Une célèbre médium est assassinée et la police met sur le coup le célèbre détective Dupin, tandis que sa stagiaire Flora s’occupe d’une affaire de montre volée.

On est ici dans du policier fantastique assez classique. Tellement classique que la plupart des personnages rencontrés ont été empruntés à la littérature populaire du 19e et début du 20e siècles. La recette reprend également celle des livres dont les auteurs s’inspirent. Citons Poe, Balzac ou Hugo pour les plus mémorables. La différence avec ces auteurs étant que l’héroïne est une femme et qu’elle est loin de se fondre dans les standards de l’époque.

L’intrigue est bien menée, il y a beaucoup d’action et de retournements de situation. Là encore, ça ressemble aux classiques du genre. Il y a également de l’humour et beaucoup d’ironie. On n’est pas réellement dans la parodie, mais les auteurs n’hésitent pas à se moquer un peu de leurs modèles et à détourner leurs oeuvres.

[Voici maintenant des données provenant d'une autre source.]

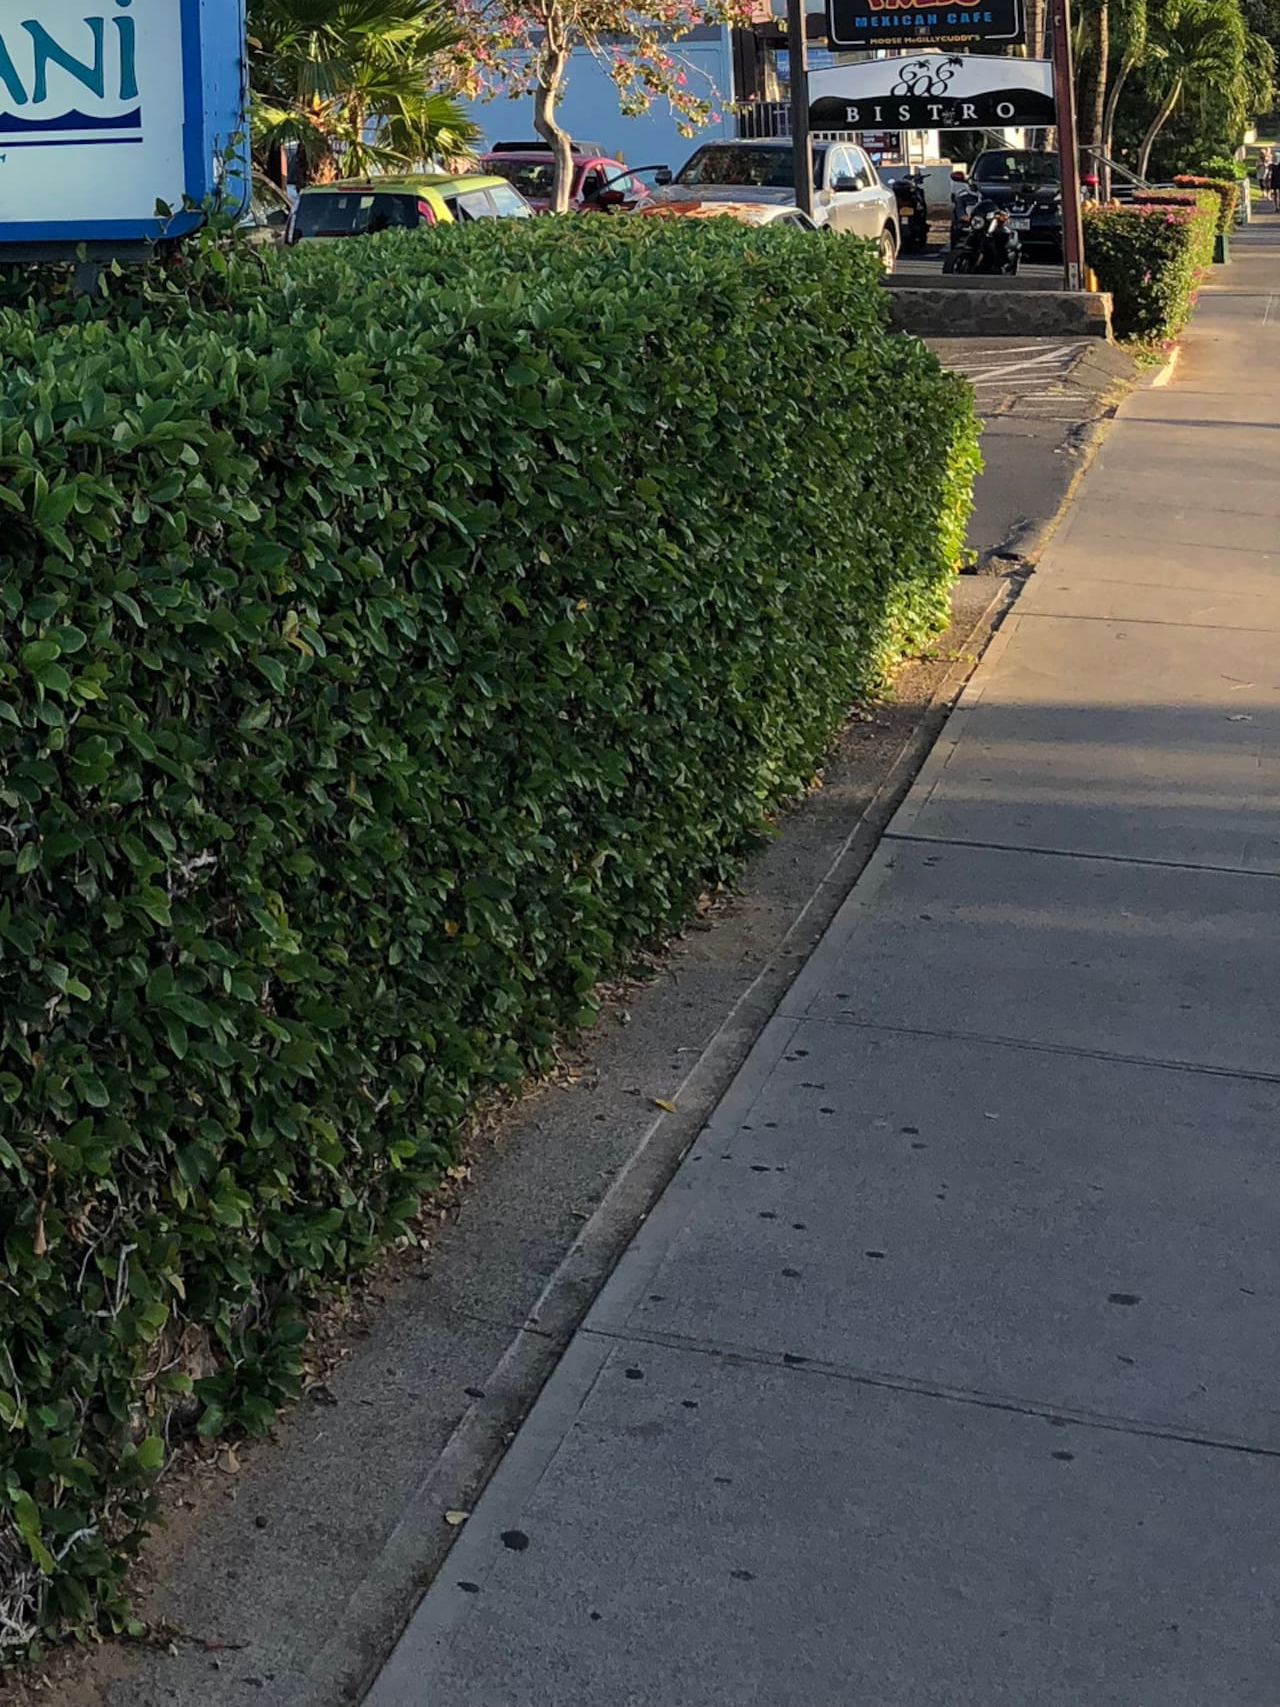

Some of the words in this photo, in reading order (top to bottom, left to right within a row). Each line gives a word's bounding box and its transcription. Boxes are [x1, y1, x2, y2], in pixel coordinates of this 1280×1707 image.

Le dessin m’a plu, j’ai trouvé qu’il était adapté au récit. Les visages des personnages ont un côté un peu « cartoon » qui s’opposent à des décors et costumes très précis et plutôt réalistes. Les deux se complètent bien et contribuent à l’ambiance à la fois lumineuse du Paris de la Belle-Epoque et au côté glauque de l’intrigue policière.

Une découverte sympathique, une lecture distrayante et assez accrocheuse. Dommage qu’il faille lire la suite pour découvrir le fin mot de l’histoire, d’autant que la série compte déjà 7 tomes et n’est apparemment pas terminée.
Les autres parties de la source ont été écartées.